Question

我正在开发一个大型（但不是很大）的1.1ml观测值x 41变量的数据库。数据被安排为不平衡面板。使用这些变量，我指定了三个不同的模型，并将每个模型作为1）固定效果，2）随机效应和3）汇总OLS回归运行。

仅包含数据库的原始.RData文件大约为15Mb。包含数据库和回归结果（总共9个回归）的.RData权重约为650Mb。我确实意识到（来自基础文档）

An object of class c("plm","panelmodel").

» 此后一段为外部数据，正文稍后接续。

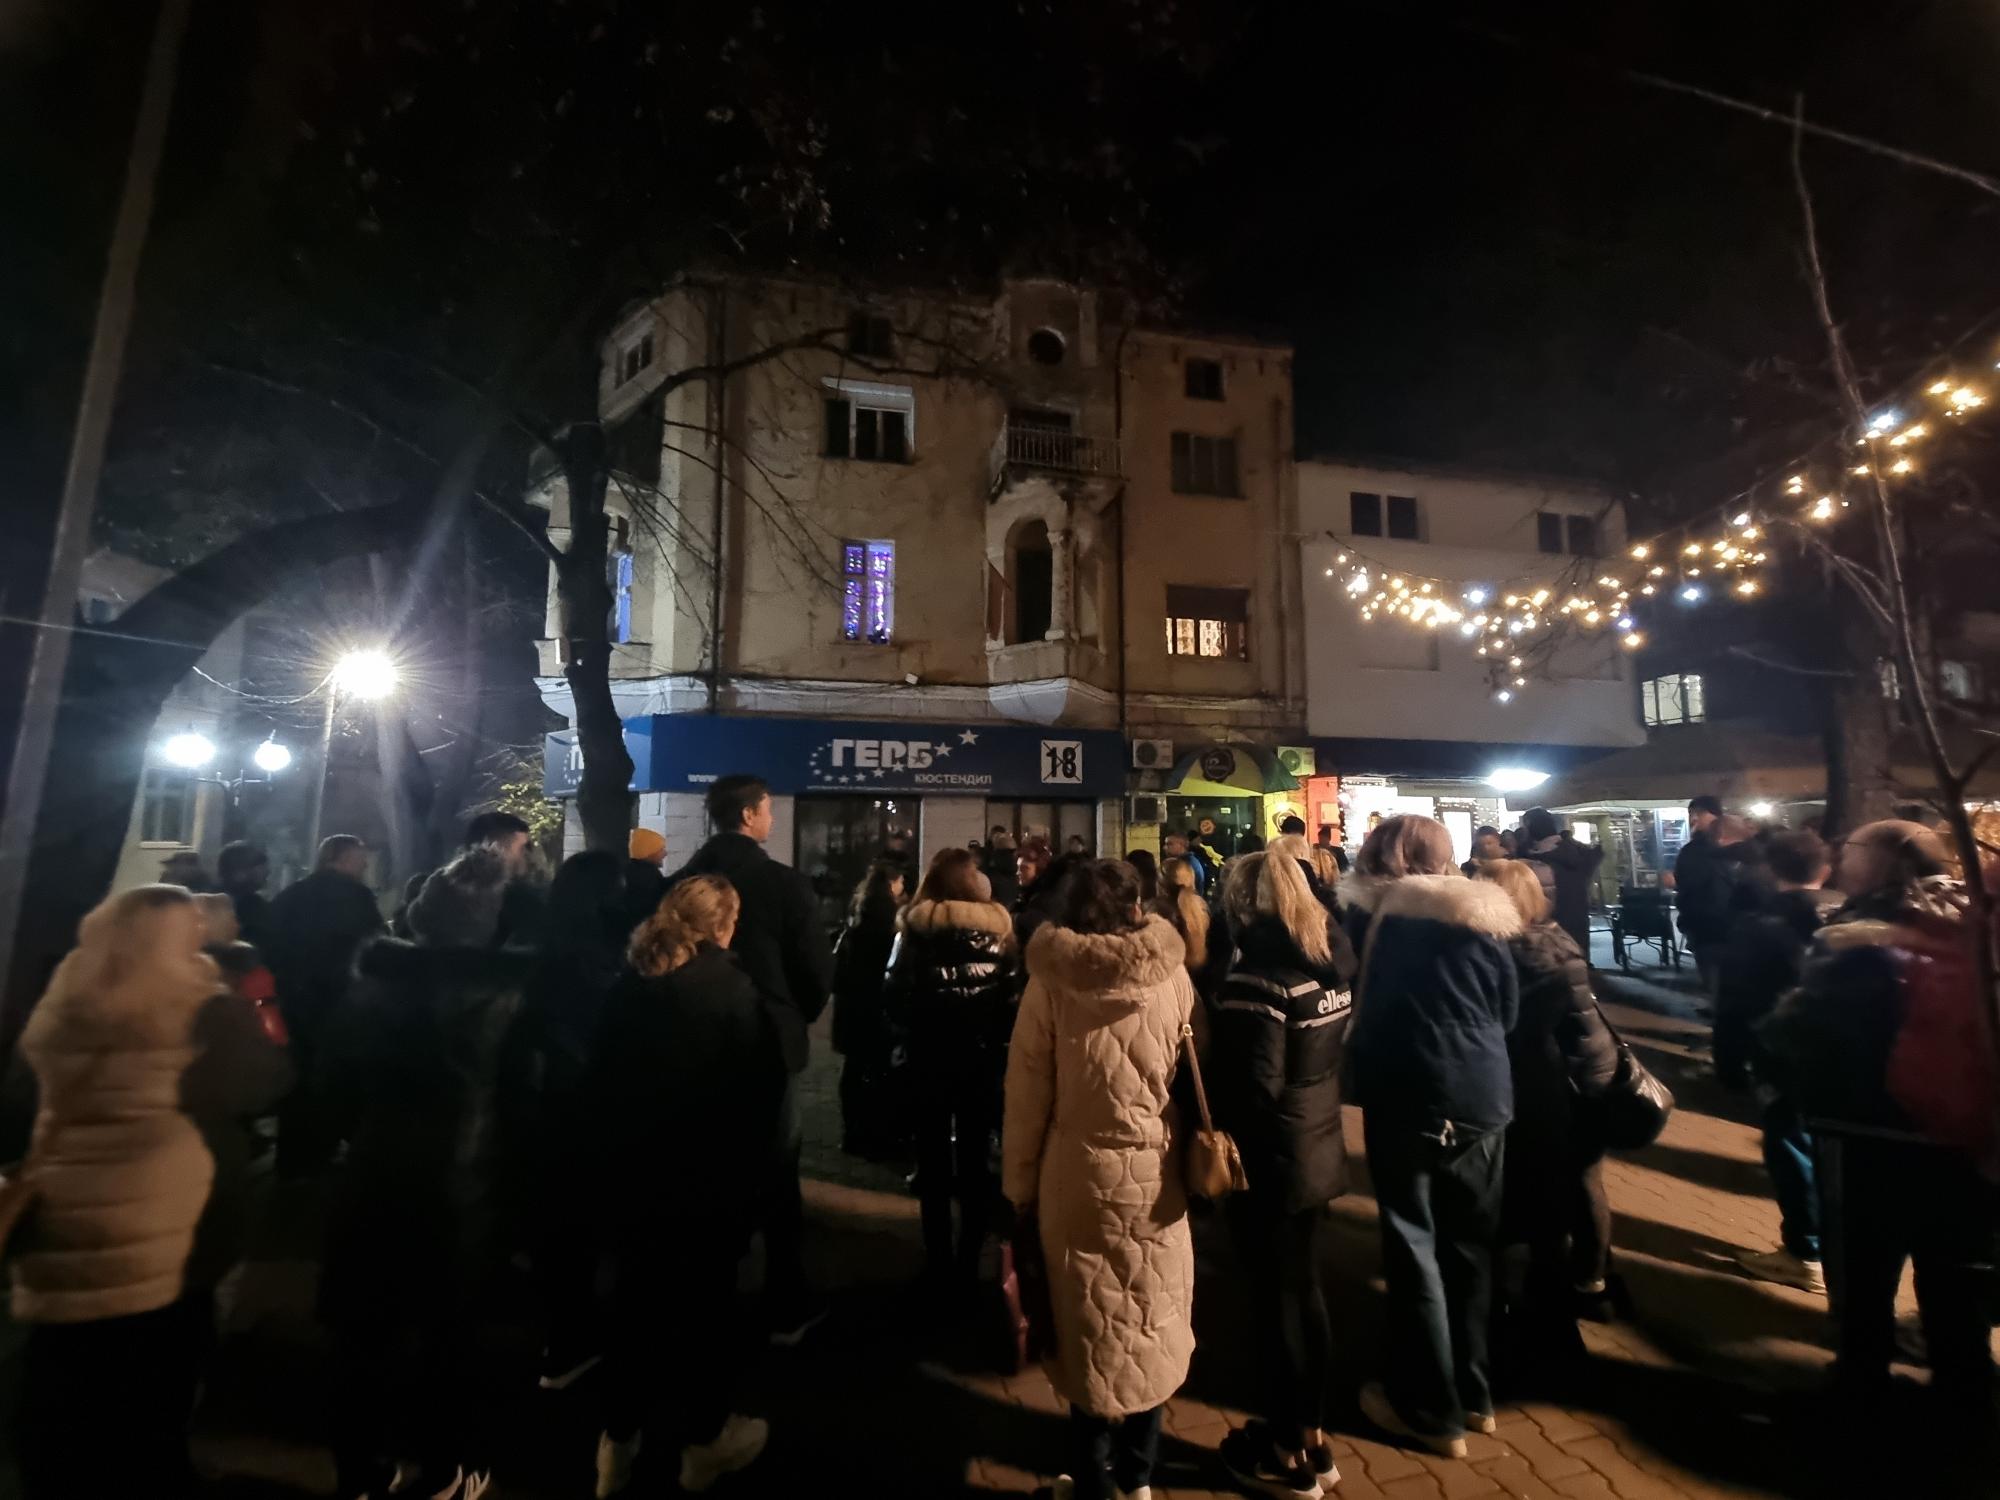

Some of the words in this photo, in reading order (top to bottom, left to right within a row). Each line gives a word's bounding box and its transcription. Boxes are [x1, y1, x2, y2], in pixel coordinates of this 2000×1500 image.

A "plm" object has the following elements :

coefficients   the vector of coefficients,
vcov           the covariance matrix of the coefficients,
residuals      the vector of residuals,
df.residual    degrees of freedom of the residuals,
formula        an object of class ’pFormula’ describing the model,
model          a data.frame of class ’pdata.frame’ containing the variables usedfor the estimation: the response is in first position and the two indexes in the last positions,
ercomp         an object of class ’ercomp’ providing the estimation of the components of the
errors         (for random effects models only),
call           the call

即便如此，我也无法理解为什么这些文件应该如此庞大。为了避免在处理plm对象时内存过载，我将它们保存在三个不同的文件中（每个文件的权重现在大约为200Mb）。我在一小时前打电话给summary看固定效应模型的结果，但它还没有向我展示任何结果。我现在的问题很简单。你觉得这是正常的行为吗？我可以采取哪些措施来减少plm对象的大小并加快结果检索的速度？

以下是您可能想知道的一些事项：

我使用的数据库格式为data.table
formula已预先汇编，并按照建议here包含在plm之前的as.formula()来电中。例如：

form<-y~x1+x2+x3+...+xn

mod.fe<-plm(as.formula(form), regr, effect="individual", model="within", index=c("id", "year"))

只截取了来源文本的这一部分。